Workplace & Wellbeing
The Workplace & Wellbeing research project was set up in 2015 against a backdrop of around 23 million working days lost in the UK every year due to work-related ill health, predominantly depression, stress, anxiety and musculo-skeletal disorders, according to the Health and Safety Executive. Long hours, heavy workloads and tight deadlines can adversely affect mental wellbeing at work. Referring to this as a ‘wellbeing deficit’.
The Helen Hamlyn Centre partnered with design and architecture firm Gensler, combining academic knowledge with expertise in workplace design, to find out how employees’ experiences of the workplace can be improved and productivity increased. This two-year project, supported by industry partners Bupa, Kinnarps, Millken and RBS, was conducted in three phases.
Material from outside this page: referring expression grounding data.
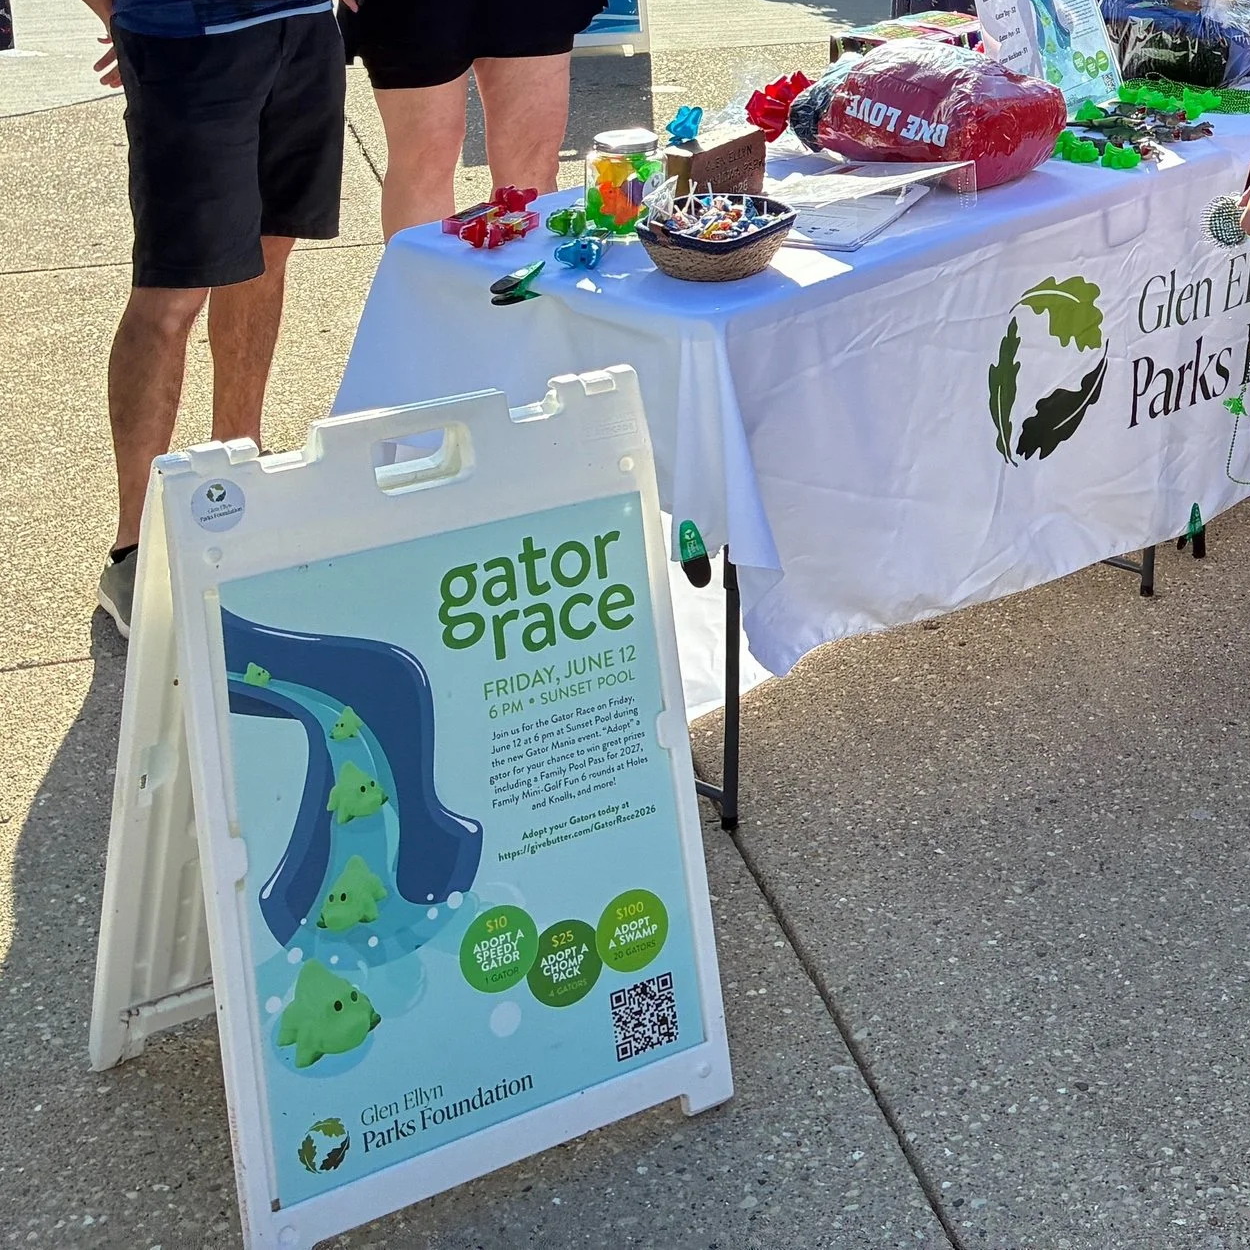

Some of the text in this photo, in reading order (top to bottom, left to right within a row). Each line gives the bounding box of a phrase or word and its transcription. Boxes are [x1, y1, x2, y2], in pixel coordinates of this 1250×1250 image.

[845, 95, 949, 148] ONE LOVE
[1138, 269, 1213, 334] Glen
[1127, 336, 1232, 429] Parks
[438, 530, 620, 650] gator
[492, 584, 635, 660] race
[483, 645, 637, 700] FRIDAY, JUNE 12
[489, 669, 635, 719] 6 PM SUNSET POOL
[491, 744, 511, 755] June
[523, 737, 532, 745] at
[534, 733, 540, 741] 6
[541, 731, 555, 743] pm
[556, 728, 564, 736] at
[566, 720, 593, 733] Sunset
[595, 713, 612, 725] Pool
[613, 707, 638, 720] during
[492, 696, 635, 741] Join us for the Gator Race on Friday,
[489, 770, 511, 785] gator
[512, 765, 525, 776] for
[526, 760, 545, 773] your
[547, 752, 575, 765] chance
[587, 745, 600, 753] win
[602, 737, 622, 752] great
[623, 731, 645, 745] prizes
[491, 759, 505, 768] the
[508, 754, 524, 763] new
[525, 745, 549, 759] Gator
[551, 737, 576, 751] Mania
[578, 732, 602, 743] event.
[603, 718, 634, 735] “Adopt”
[492, 793, 520, 809] Family
[522, 778, 562, 800] Mini-Golf
[564, 775, 579, 786] Fun
[581, 773, 587, 781] 6
[589, 766, 615, 779] rounds
[626, 756, 648, 768] Holes
[494, 777, 532, 795] including
[540, 766, 567, 781] Family
[569, 761, 586, 772] Pool
[588, 756, 605, 766] Pass
[607, 751, 618, 760] for
[620, 744, 644, 757] 2027,
[531, 777, 617, 811] and Knolls, and more!
[498, 805, 656, 862] https://givebutter.com/GatorRace2026
[522, 801, 629, 841] Adopt your Gators today at
[485, 915, 508, 933] $10
[614, 916, 650, 938] ADOPT
[616, 901, 644, 920] $100
[473, 929, 525, 954] ADOPT A
[476, 942, 518, 964] SPEEDY
[540, 943, 589, 968] ADOPT A
[551, 930, 574, 948] $25
[608, 924, 658, 950] A SWAMP
[614, 941, 657, 961] 20 GATORS
[481, 951, 520, 972] GATOR
[491, 967, 519, 983] GATOR
[543, 955, 584, 976] CHOMP
[552, 967, 581, 984] PACK
[548, 979, 588, 997] 4 GATORS
[361, 1085, 444, 1127] Glen Ellyn
[362, 1074, 534, 1153] Parks Foundation
In the first phase, the research team completed a scoping study that gathered insights by visiting four different offices that had recently modified their workspace environment. An extensive literature review of wellbeing in the workplace and the results of 30 interviews at the four organisations found that a ‘sense of control’ is considered an important concept in relation to managing work-life (such as the configuration of the office space or the freedom to personalise individual working areas) and is therefore critical to personal wellbeing.
In phase two of the study, the research team engaged with one of the organisations from the scoping study in a Participatory Design Project. Three teams were studied, each of which were given different levels of control (high, low and no participation) in designing their workspace in order to measure the effects this had on employee wellbeing. Employees with some participation (low or high), engaging in co-design workshops for example, recorded higher wellbeing scores than the no-participation team.
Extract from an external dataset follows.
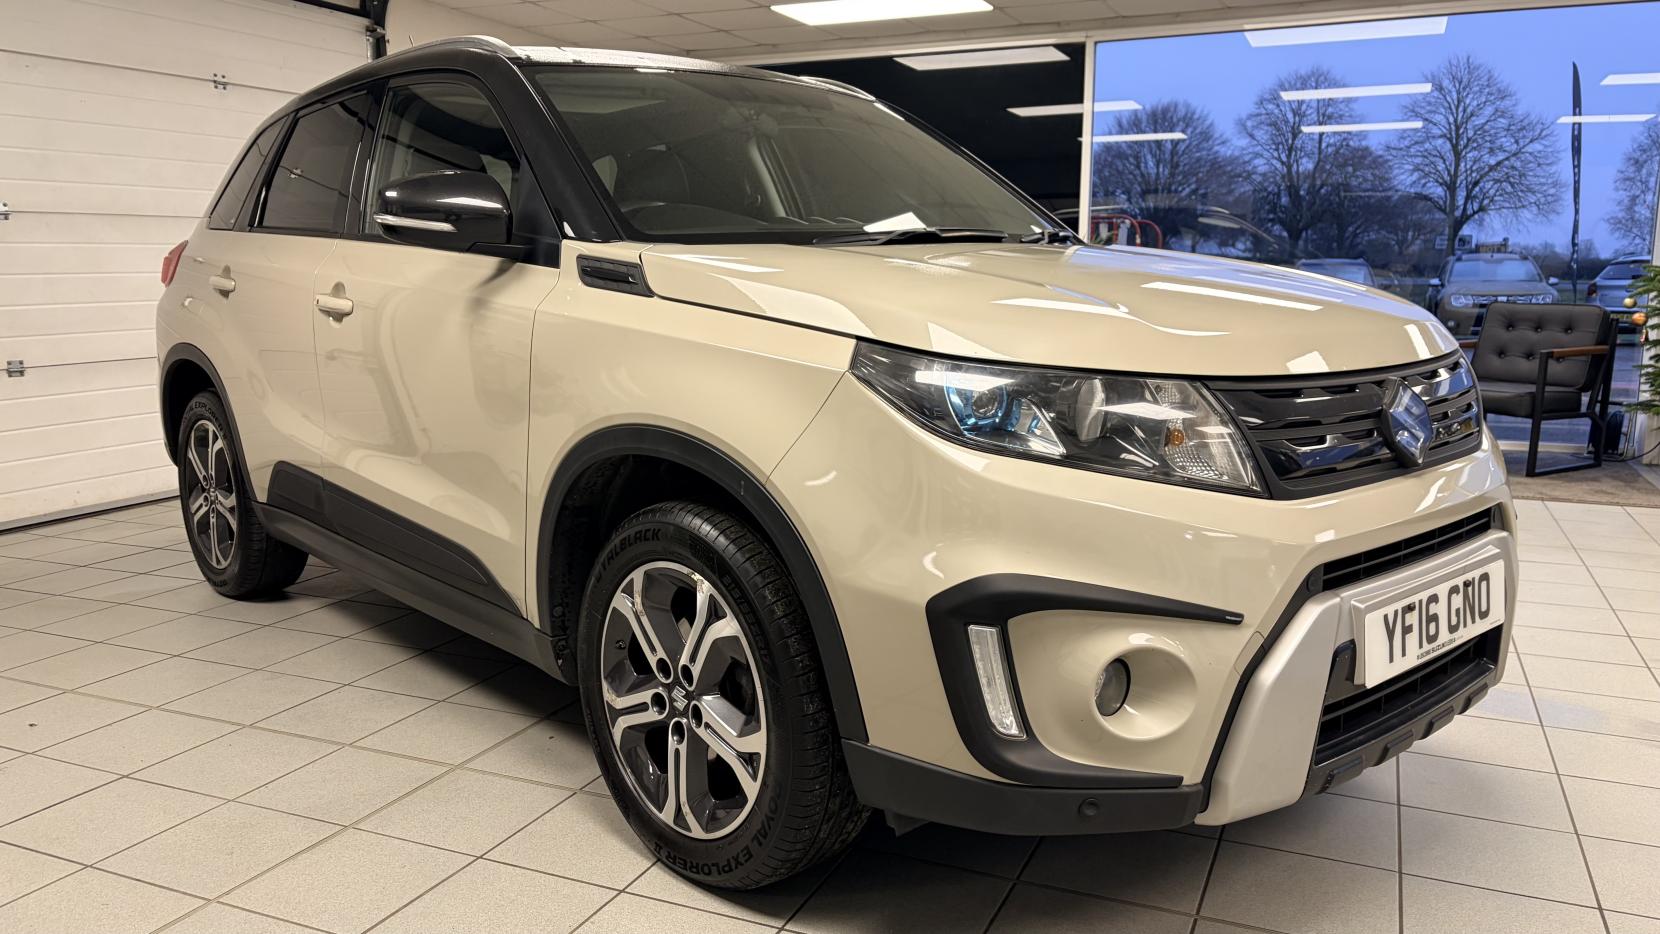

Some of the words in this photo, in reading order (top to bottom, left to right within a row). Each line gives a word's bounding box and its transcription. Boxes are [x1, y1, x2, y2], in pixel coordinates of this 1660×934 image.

[1384, 593, 1440, 664] YF16
[1447, 572, 1490, 634] GNO
[752, 781, 786, 847] ROYAL
[665, 846, 754, 877] EXPLORER
The findings from the first two phases of the study propose that employee wellbeing and satisfaction levels can be supported and maintained through a sense of connection, a positive and purposeful environment, a variety of spaces, control over space and the opportunity to participate in the planning and design of the environment. From these results, the research team were able to develop a ‘workplace wellbeing conceptual model’ that illustrates the need to address and balance the functional and psychological needs of the individual.
The third and final phase of the project saw the information gathered from the first two phases translated into a practical evaluation toolkit for organisations to use to measure workplace wellbeing and activate design interventions to improve the environment. The toolkit was tested in different working environments in London – including a health company, academic institute and architecture office – to see how well it could be adapted and tailored to individual organisations.
Offering a practical framework which includes three different forms of employee engagement – from in-depth workshops to more informal drop-in sessions and quick questionnaires – the toolkit will help organisations to analyse employees’ functional and psychological needs, as well as provide examples of interventions that can be employed in the workplace to improve employee wellbeing. Implementing changes to the working environment doesn’t have to be complicated. Even relatively simple interventions, such as allowing people to add more plants to the space, are a step towards engaging with employee needs, leading to a workforce that feels valued, useful and productive, and healthier and happier as a result.